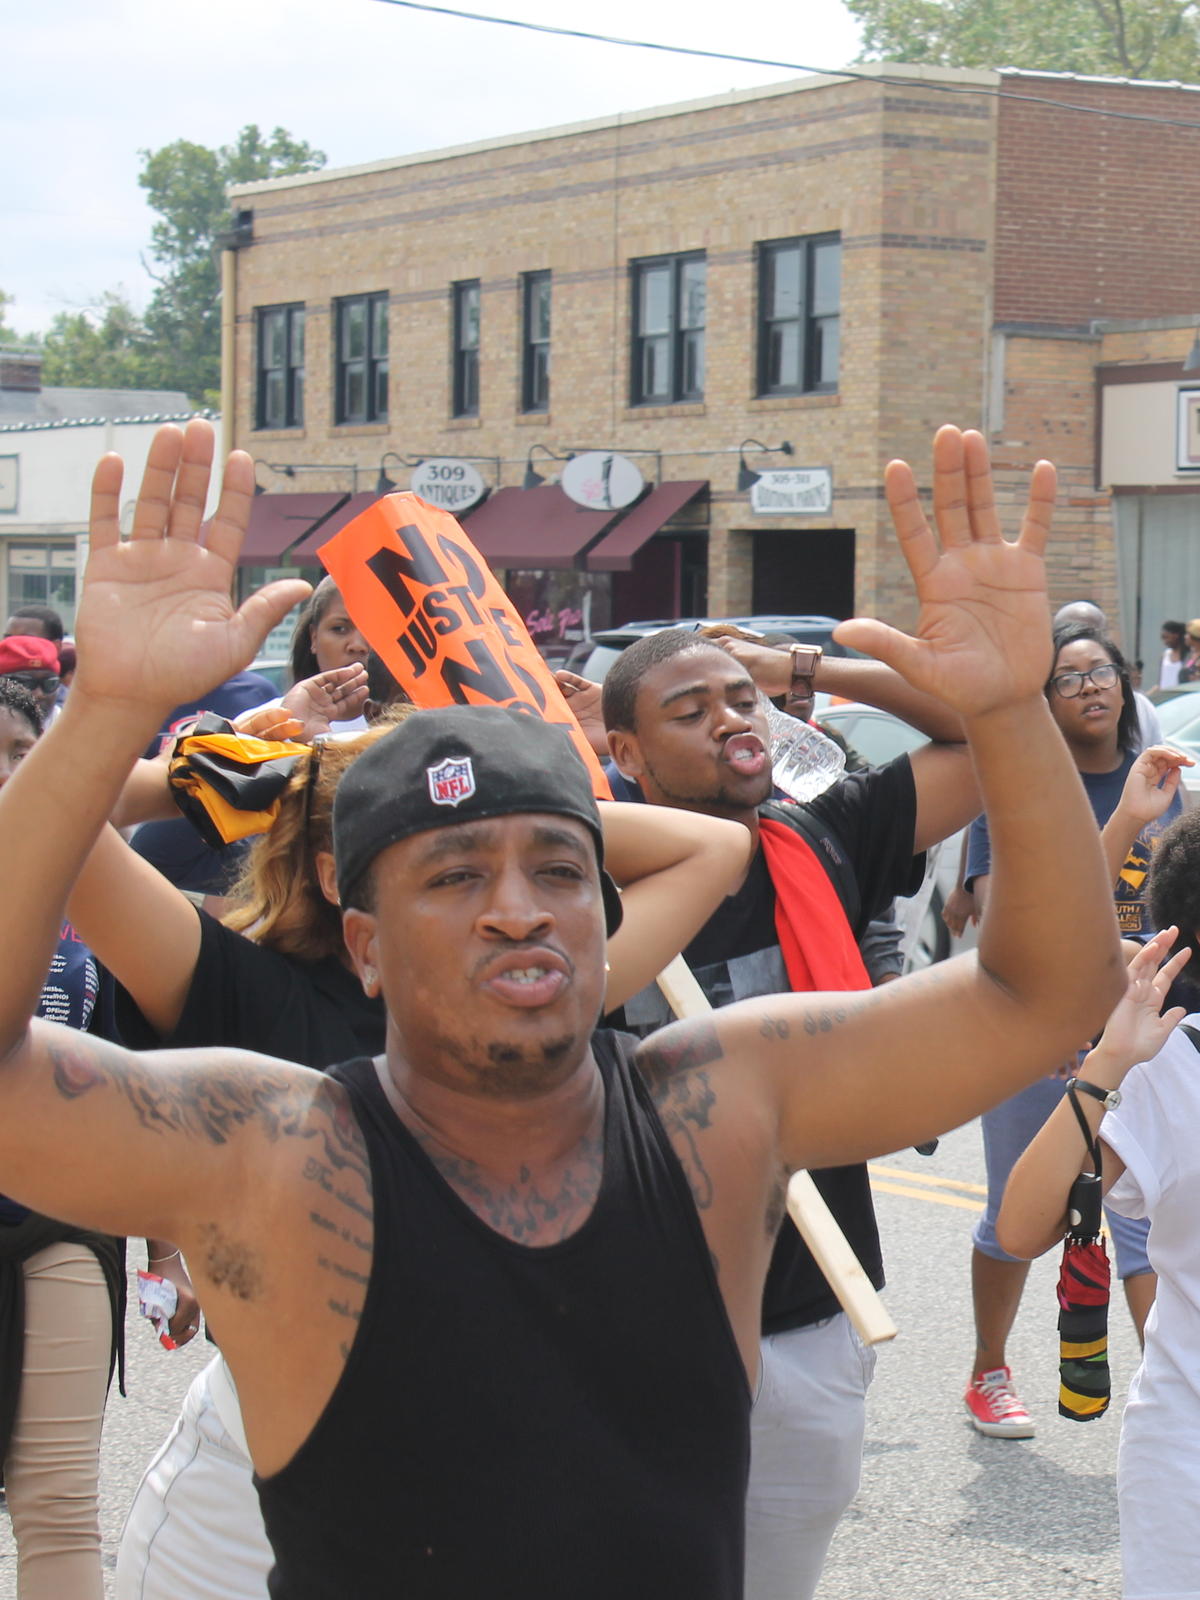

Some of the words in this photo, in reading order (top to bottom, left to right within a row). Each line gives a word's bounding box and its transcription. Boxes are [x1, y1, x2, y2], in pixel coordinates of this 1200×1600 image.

[427, 465, 465, 481] 309
[419, 484, 476, 506] ANTIQUES
[434, 775, 471, 800] NFL
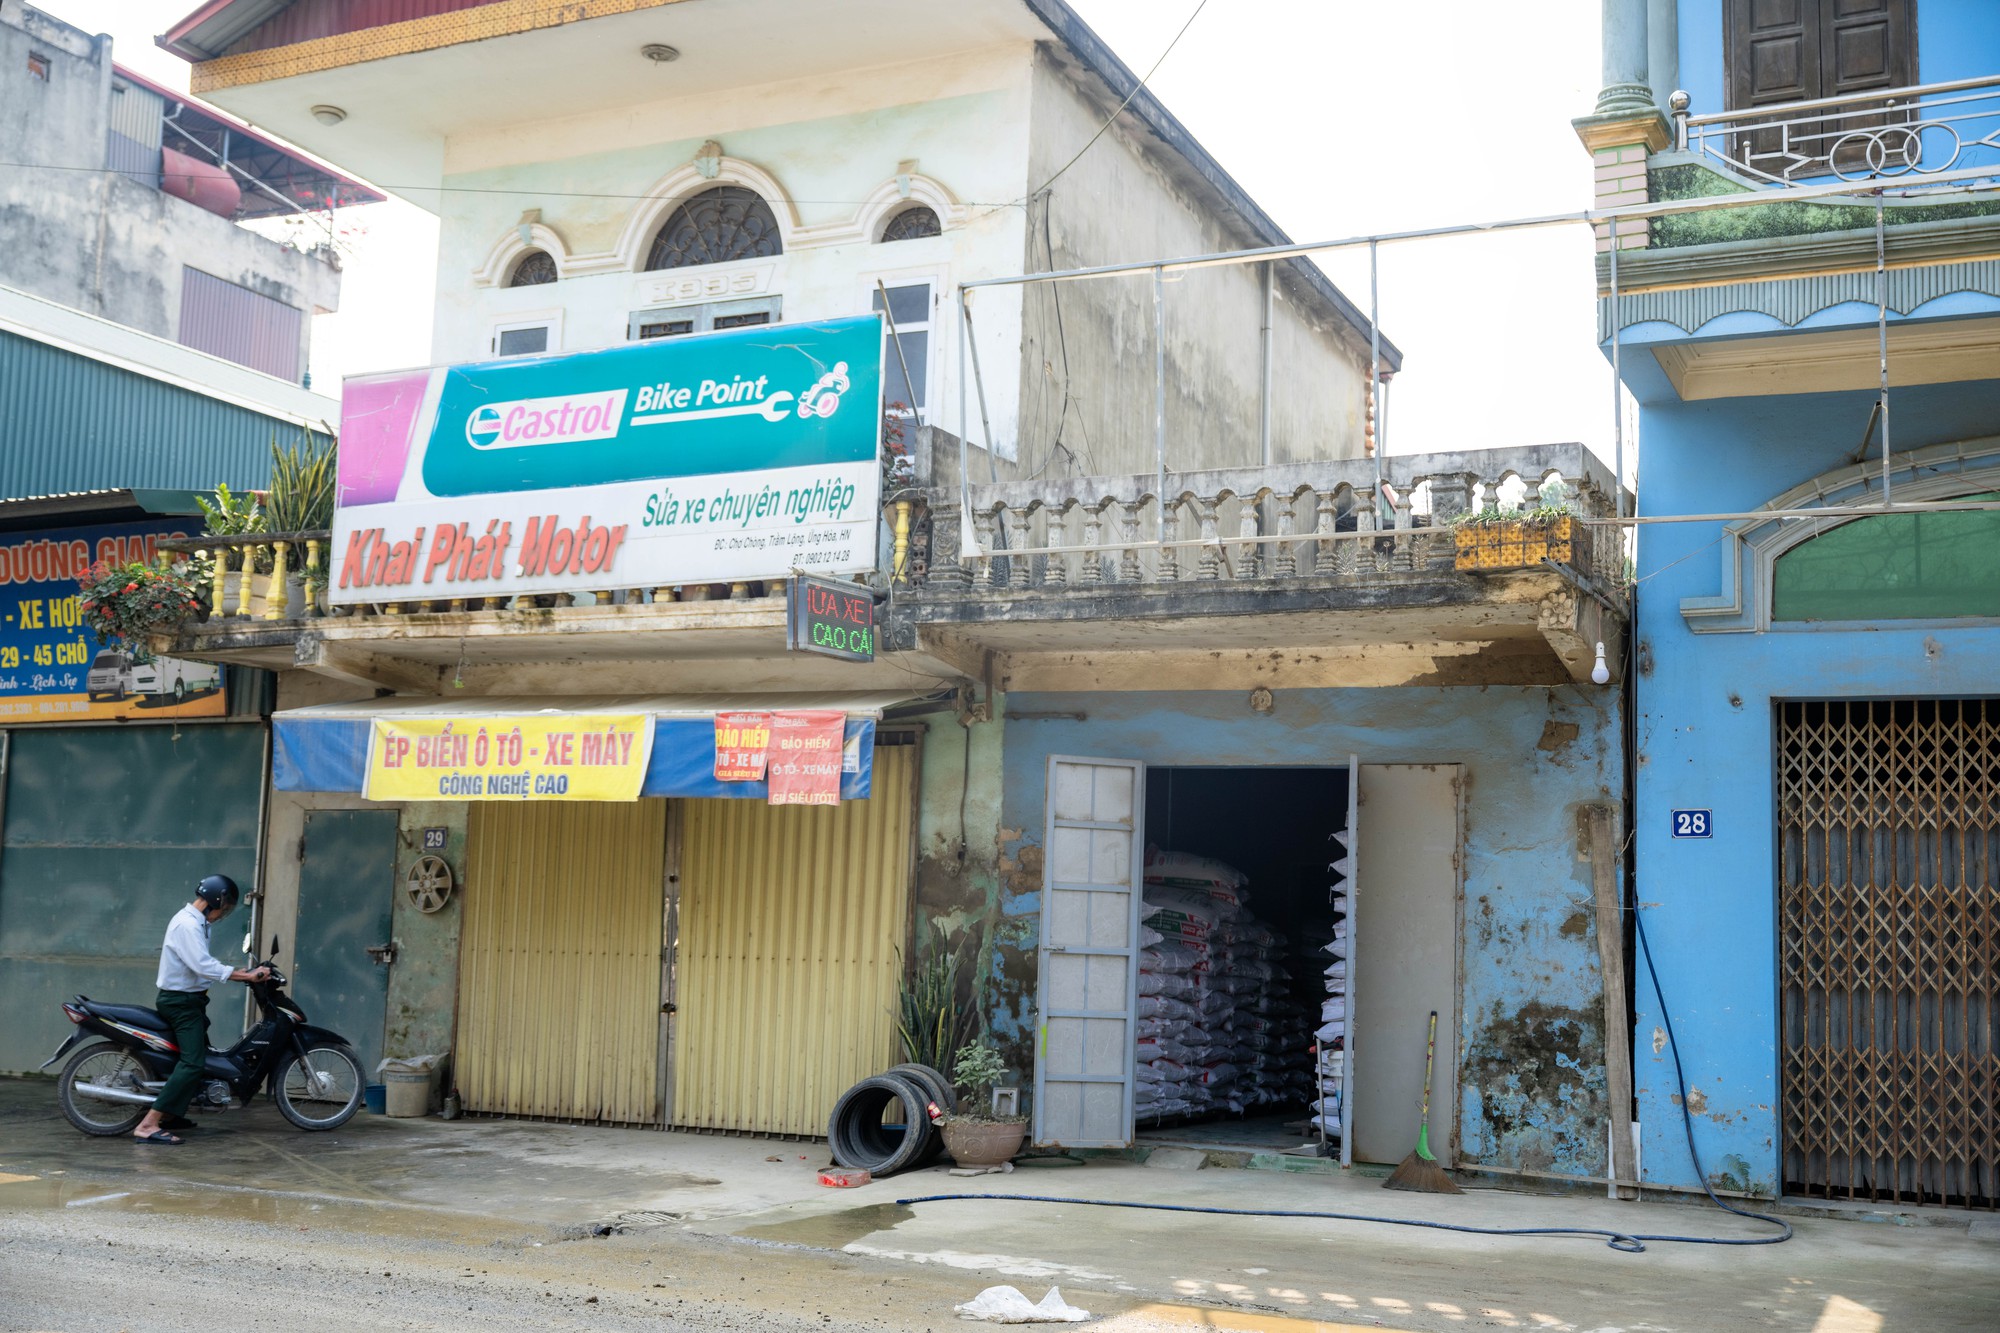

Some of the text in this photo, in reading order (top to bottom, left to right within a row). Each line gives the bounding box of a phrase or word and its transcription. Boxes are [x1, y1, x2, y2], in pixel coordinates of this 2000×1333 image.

[503, 375, 768, 442] Castrol Bike Point
[642, 477, 855, 528] Sửa xe chuyên nghiệp
[839, 529, 852, 541] HN
[338, 514, 628, 589] Khai Phát Motor
[18, 600, 44, 630] XE
[843, 597, 865, 625] XE
[34, 644, 52, 666] 45
[56, 634, 88, 666] CHỖ
[813, 622, 847, 650] CAO
[384, 730, 411, 768] ÉP
[416, 722, 468, 768] BIỂN
[474, 727, 490, 768] Ô
[496, 726, 523, 767] TÔ
[543, 733, 574, 766] XE
[580, 726, 635, 766] MÁY
[781, 734, 831, 750] BẢO HIỂM
[772, 763, 782, 775] Ô
[439, 771, 568, 799] CÔNG NGHỆ CAO
[1677, 813, 1706, 834] 28
[426, 831, 443, 847] 29
****
§ **DIRECTIONS FOR THIS TASK**
Your reply should be an exact copy of every line from the line with "Some of the text" through the final line of the data, and nothing more.

§ **ANSWER SPACE**
Some of the text in this photo, in reading order (top to bottom, left to right within a row). Each line gives the bounding box of a phrase or word and its transcription. Boxes are [x1, y1, x2, y2], in pixel coordinates of this 2000×1333 image.

[503, 375, 768, 442] Castrol Bike Point
[642, 477, 855, 528] Sửa xe chuyên nghiệp
[839, 529, 852, 541] HN
[338, 514, 628, 589] Khai Phát Motor
[18, 600, 44, 630] XE
[843, 597, 865, 625] XE
[34, 644, 52, 666] 45
[56, 634, 88, 666] CHỖ
[813, 622, 847, 650] CAO
[384, 730, 411, 768] ÉP
[416, 722, 468, 768] BIỂN
[474, 727, 490, 768] Ô
[496, 726, 523, 767] TÔ
[543, 733, 574, 766] XE
[580, 726, 635, 766] MÁY
[781, 734, 831, 750] BẢO HIỂM
[772, 763, 782, 775] Ô
[439, 771, 568, 799] CÔNG NGHỆ CAO
[1677, 813, 1706, 834] 28
[426, 831, 443, 847] 29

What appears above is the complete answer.